Monitor your profitability – by total and by channel
Do you know how profitable your business is?
Keep an eye not only on overall profit but on the profit and cash that individual projects, products and channels are bringing in. Are you being too nice to all, or some of, your customers and not charging them enough? You’ll know when you look at your profit and loss account for particular projects and see that the profit figure is lower than you’d expected.
Make use of ratios and calculations such as profit margin (dividing your profit by your sales, so that you know how much profit you’ve made per pound of sales) to help you track whether you’re making the profit you hoped to.
Know who your slow-paying customers are
Keep track of how quickly your customers are paying you.

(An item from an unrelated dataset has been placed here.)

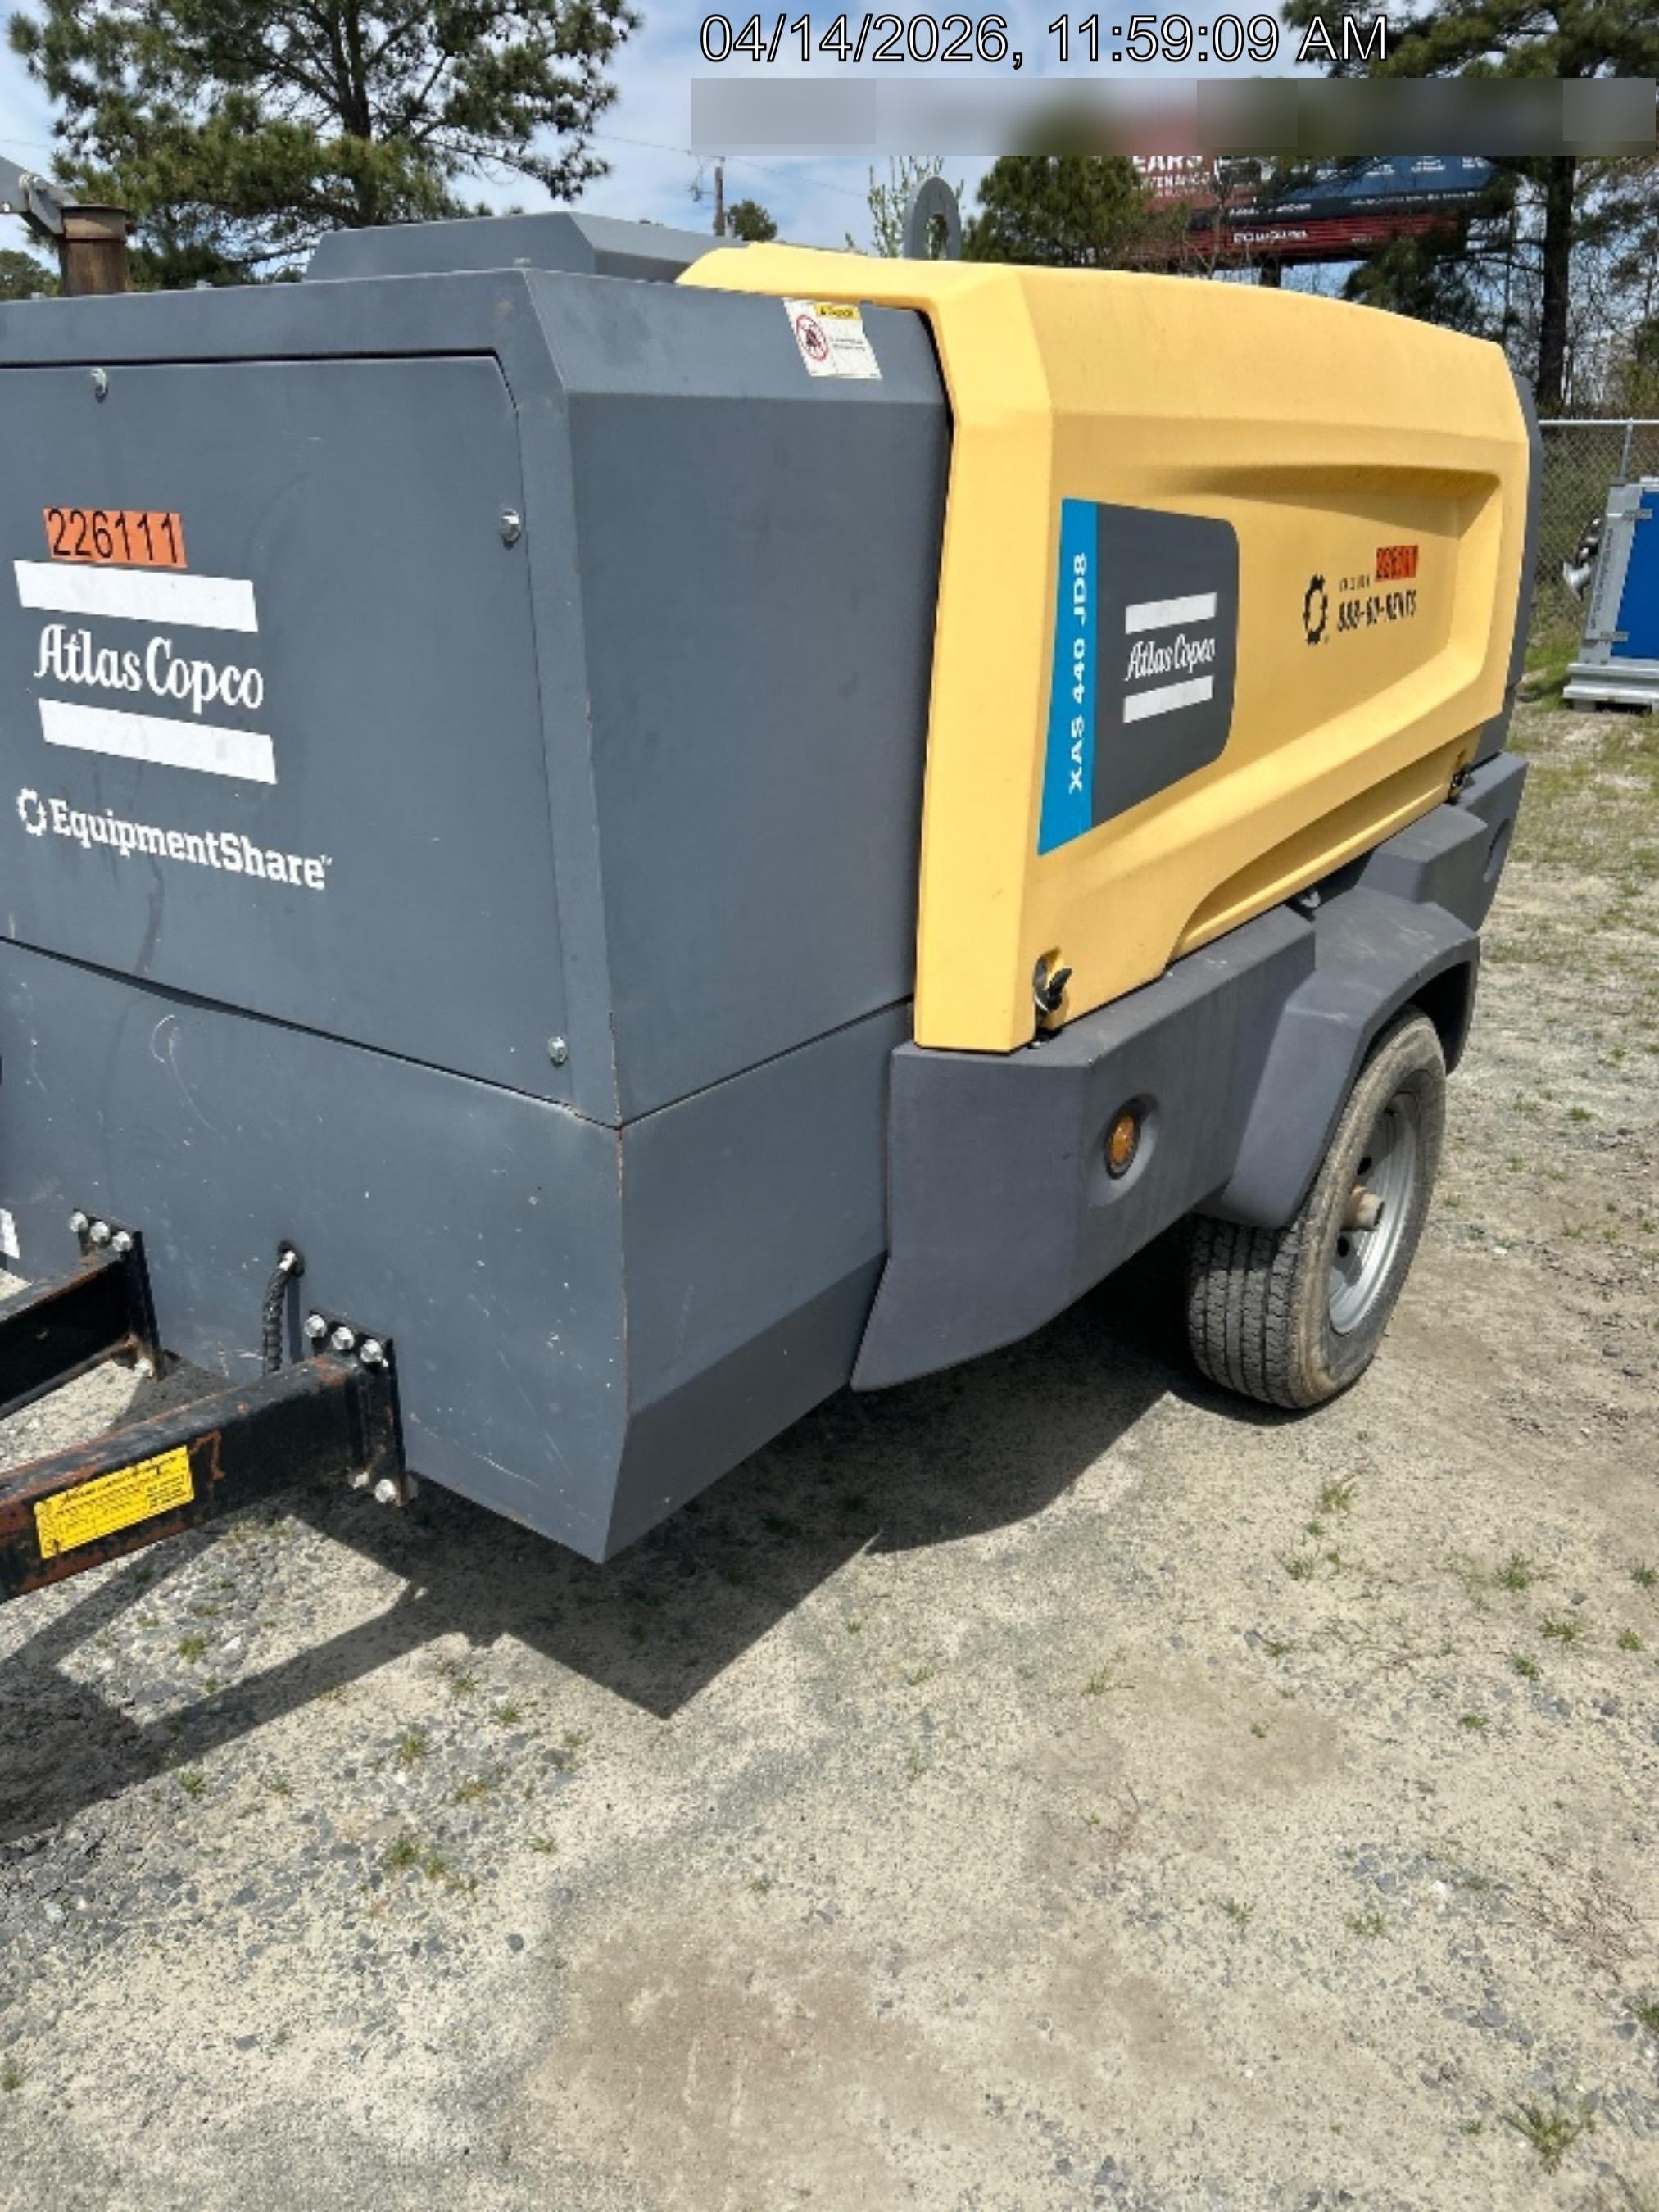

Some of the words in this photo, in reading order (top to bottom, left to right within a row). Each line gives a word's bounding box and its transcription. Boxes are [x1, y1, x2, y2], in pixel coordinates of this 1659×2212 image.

There will always be some who take longer than they should!
Could you encourage them to pay any faster, for example by offering different methods of payment such as accepting credit cards, or by offering an early payment discount?
If you have chronic late payers then should they still be customers?
Be careful of having too few customers
Businesses who become dependent on a small number of large customers tend to have cash flow problems, because the customers can use their purchasing power to pay late, and there isn’t much other cash coming in to make up the shortfall.
If your business is in this position, could you increase the number of customers you deal with?
Plan your cash and be prepared for a rainy day
Make sure that you’re not just tracking what is happening now, but that you’ve planned what you expect to happen in the next week, month, year and 2 years.
When do you expect cash to come in? Could you take your business to a different market? When will you have enough to do that?
What if your best customer went out of business? Could your business survive without an injection of cash, or should you negotiate an overdraft facility with the bank now, so that it’s there when you need it?
Keeping on top of “the numbers” is a vital part of running a small business to make sure it not only survives but thrives!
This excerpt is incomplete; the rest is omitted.